Always follow the old adage – use the right size of hook to suit the bait you are using. For a great little guide to hook sizes click here.

Placing sweetcorn directly onto the hook is quite easy – simply take a grain by the flattened side and pierce the rounded section of the grain with the hook point. Gently pass the hook point inside the grain and twist as you go to work the hook point out of the flat part and out of the grain.

If you wish to hair rig your sweetcorn you can do it one of two ways, upright or flat. To hair rig sweetcorn upright pass your baiting needle straight through the flat side of the kernel and thread the bait onto your hair. This isn’t the best way to hair rig it as the bait may well sit upright on the bottom, and that’s quite unnatural.

To hair rig sweetcorn so that it lays flat on the bottom pass the baiting needle through the widest part of the kernel and pull the hair through the bait that way. Now, when the bait lands on the bottom, it will lie flat and therefore look completely natural to a passing fish.

Flavouring and colouring sweetcorn

Many anglers prefer to simply use sweetcorn straight from the tin as it has enough colour and flavour to attract the fish they seek, but on some venues where sweetcorn has been used to excess the angler may need to alter the bait slightly to make it more attractive, and to trick the fish into taking it.

To flavour and colour the bait open the can and tip out the juice. Now tip the grains into a plastic bag and add a squirt of your chosen flavour and a few drops if colouring. Supercook food dye – available from all good supermarkets is as good as any here – and blow into the bag to fill it with air. Now twist the neck of the bag and give the bait a good shake to disperse all the ingredients.
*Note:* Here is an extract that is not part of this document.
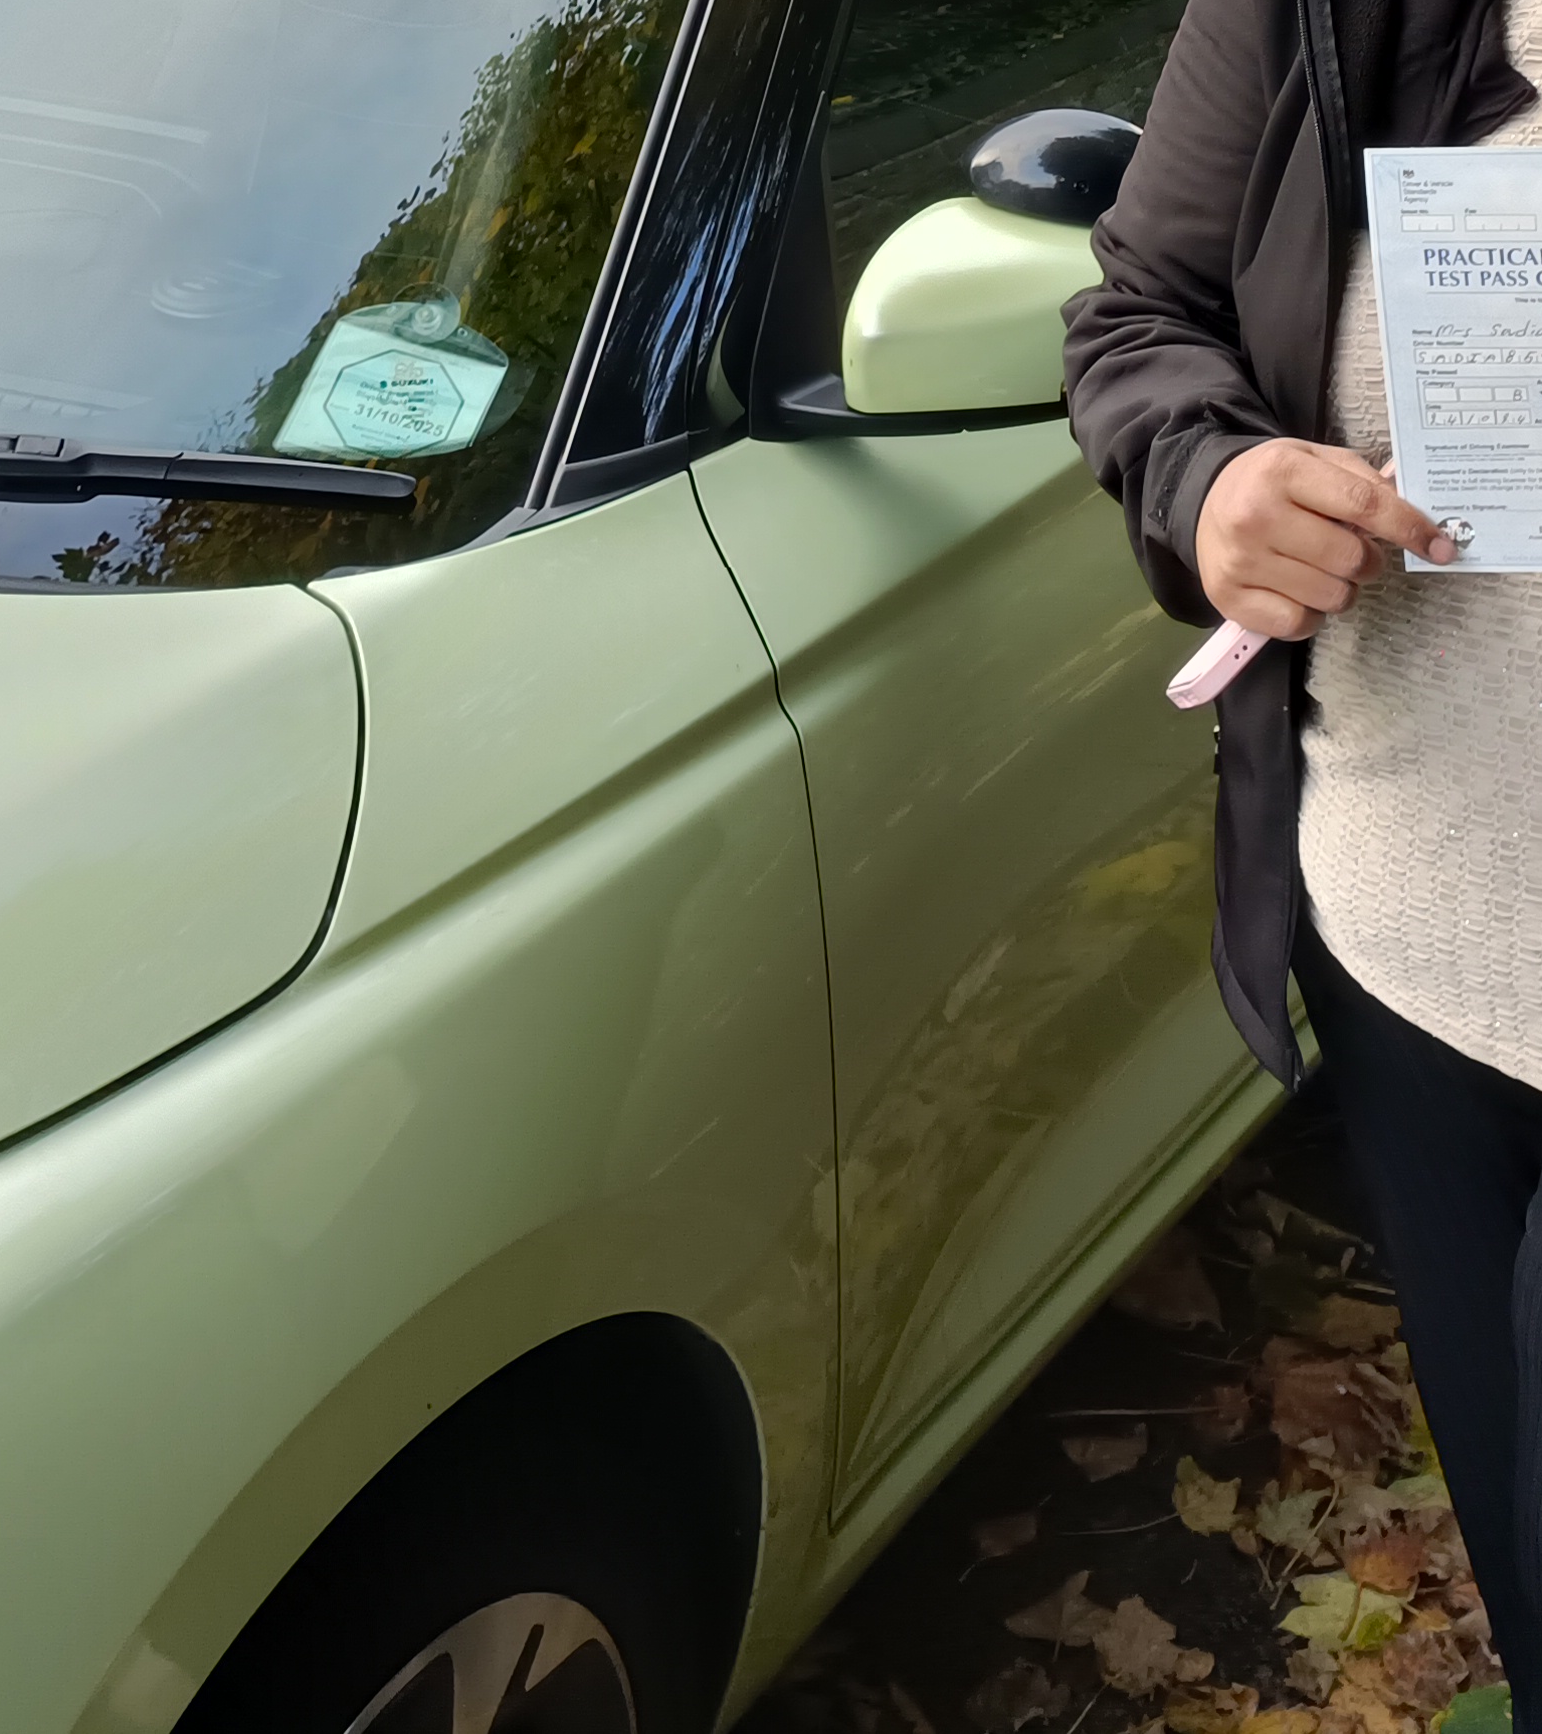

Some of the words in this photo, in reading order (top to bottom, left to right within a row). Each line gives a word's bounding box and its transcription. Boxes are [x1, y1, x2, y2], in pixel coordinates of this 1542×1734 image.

[1424, 270, 1473, 287] TEST
[1480, 270, 1529, 286] PASS
[354, 403, 445, 438] 31/10/2025
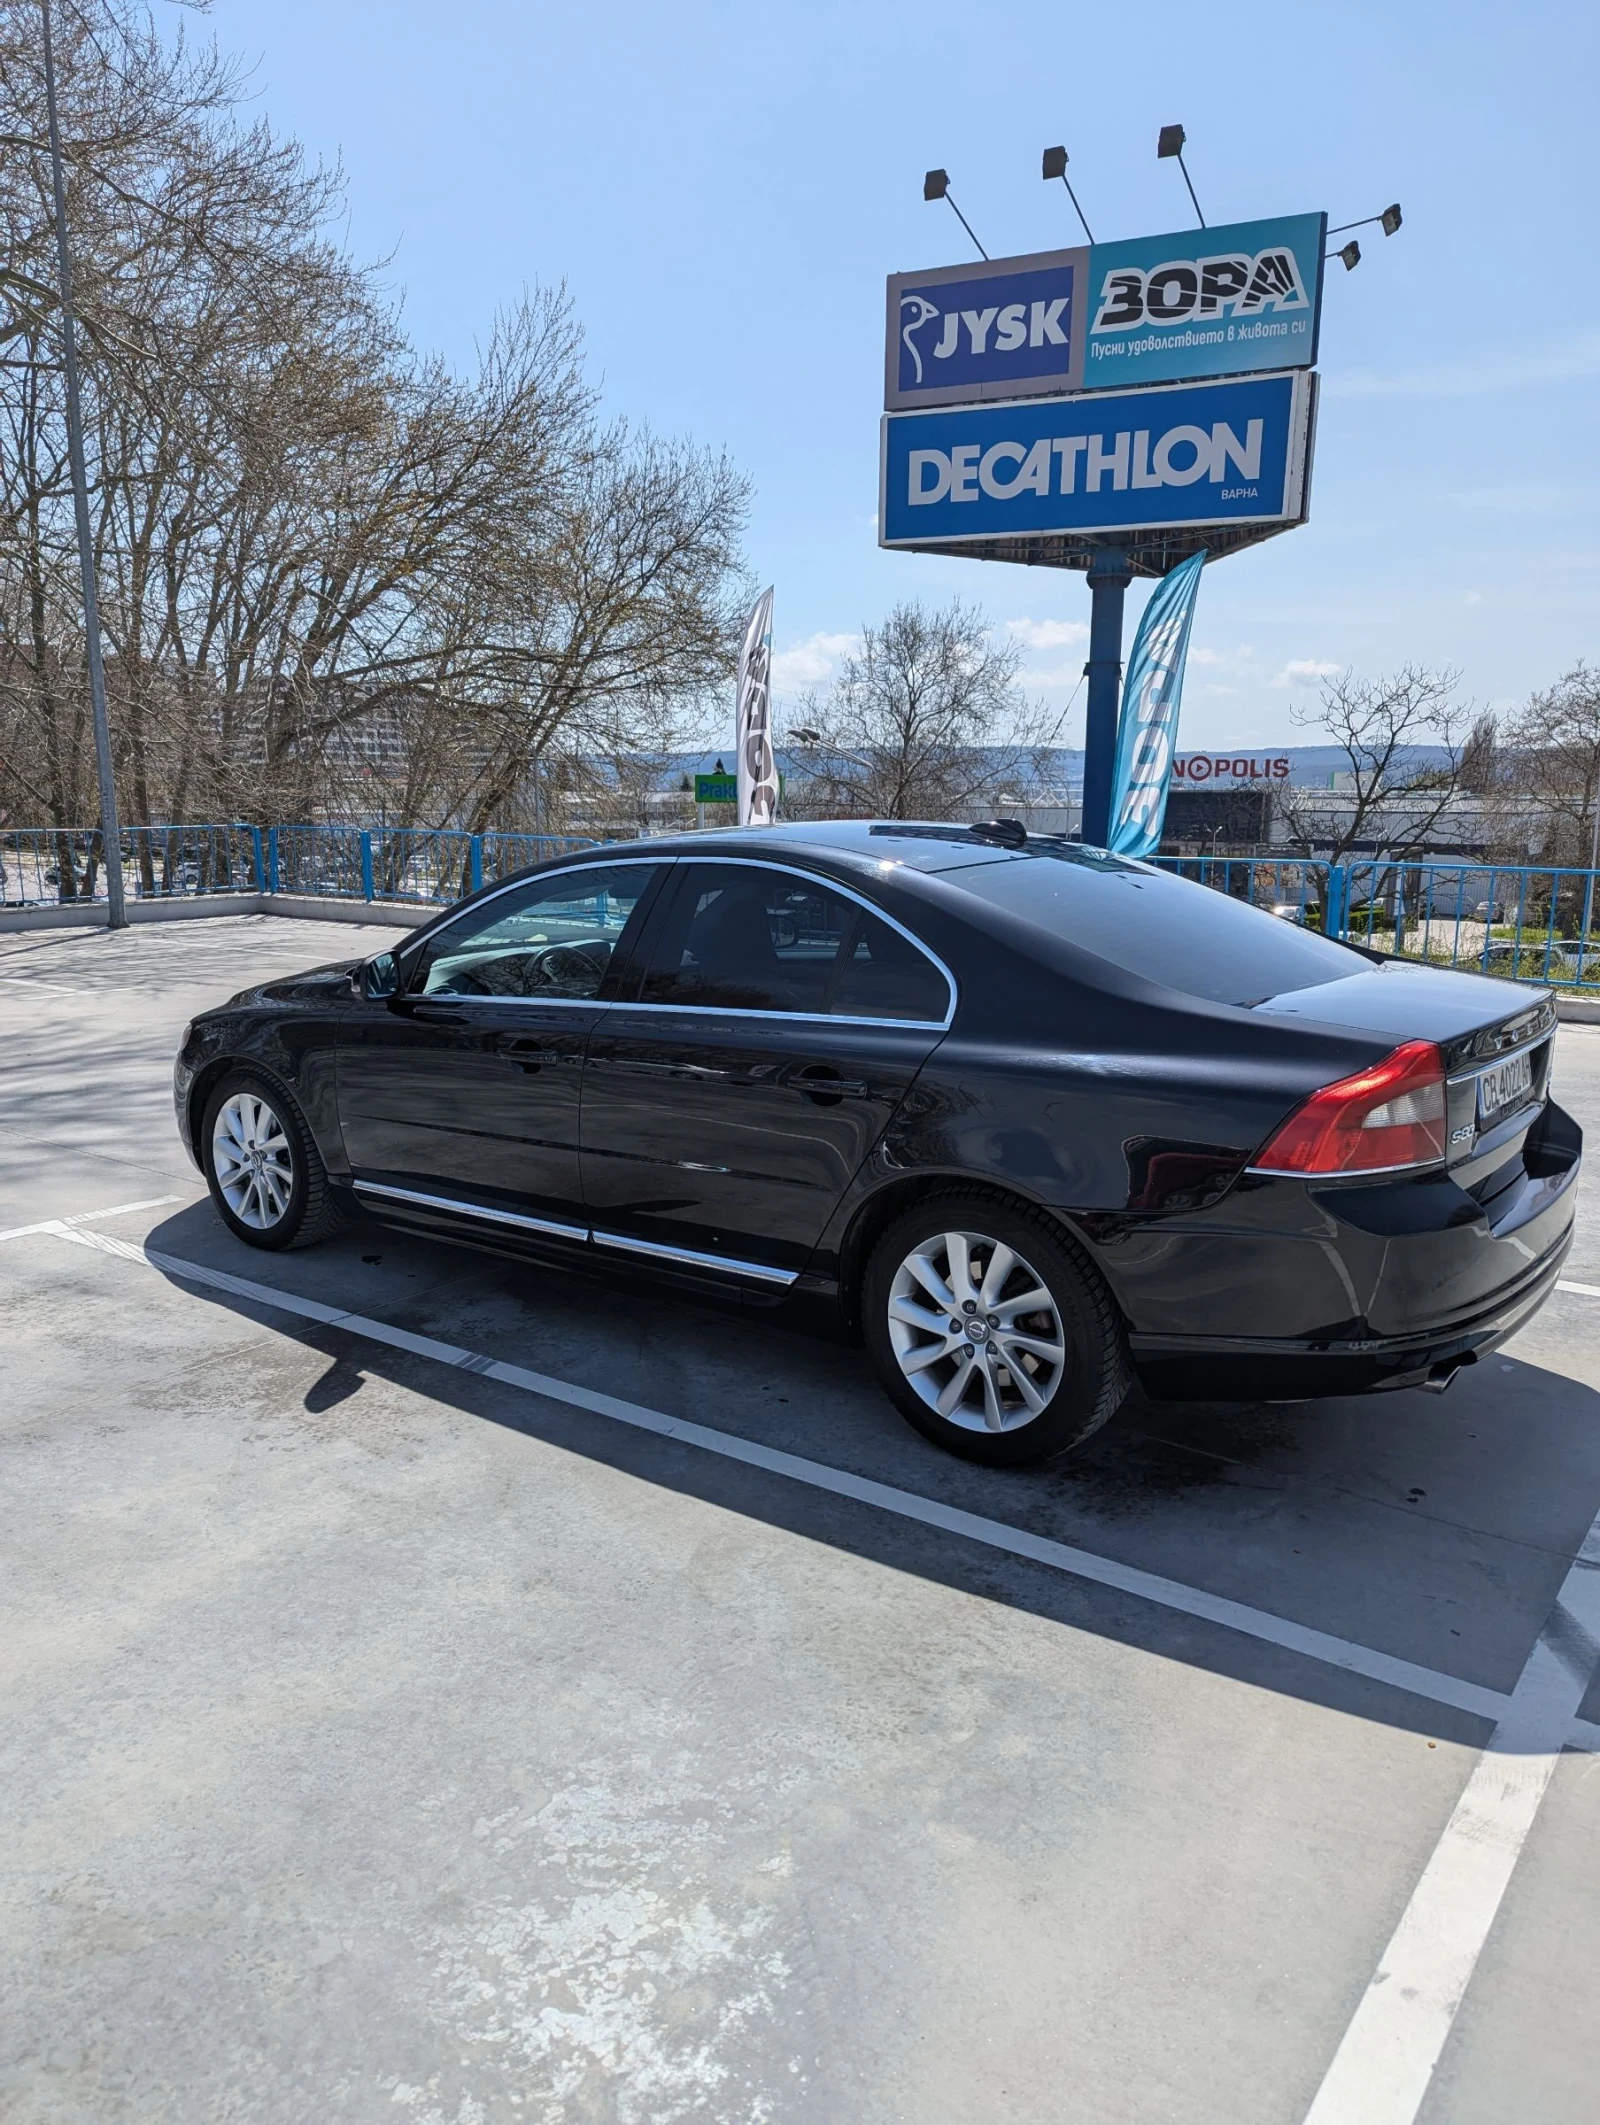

Now squeeze all the air out the bag, seal it and freeze it overnight. When you take it out and allow it to thaw the flavour and colour will be drawn right into the bait making it even more effective than if you used it immediately.

Pre-baiting with corn

Anyone thinking of pre-baiting a swim for tench, carp or bream should think about adding sweetcorn to their groundbait or particle mix. A bag of frozen corn is far cheaper than buying tins of the stuff and will help bulk the pre-baiting mix out, adding colour and scent that is sure to attract the fish into your area, for them to feed on all the other goodies you have in the mix.

Sweetcorn as groundbait

Have you got a liquidiser? If so you will be able to make a great groundbait or groundbait additive that works brilliantly for roach, carp, bream, tench and rudd.

Pour the whole contents of a tin of corn into your liquidiser and give it a blast until the grains turn to a mush. This mush can be added to dampen a Method mix groundbait to give it extra scent and a scattering of colour, or it can be scooped into a pole cup and fed into your Stillwater swim to create a scented cloud that fish can’t refuse a quick sniff at.

You might need to scoop the pole cup under the water as you tip the contents out to help remove the sticky sludge from your cup though.

A few pellets added to the liquidised corn will give the fish something to get stuck into when they come to the yellow cloud.

Imitation sweetcorn


If you want to use sweetcorn for big fish, but there are masses of roach and rudd in your venue, you might like to consider using plastic, fake corn instead as the small fish can’t smash this bait to pieces.

There are two types of imitation sweetcorn – those that sink and those that float. Be sure to buy the type you want to use.

Simply follow the hooking tips above to hair rig your imitation sweetcorn and present it over a few grains of natural corn. Don’t be put off with the bait being plastic – once the fish arrive in your swim and start munching away they won’t know the difference – you’ll soon get a run off a specimen fish.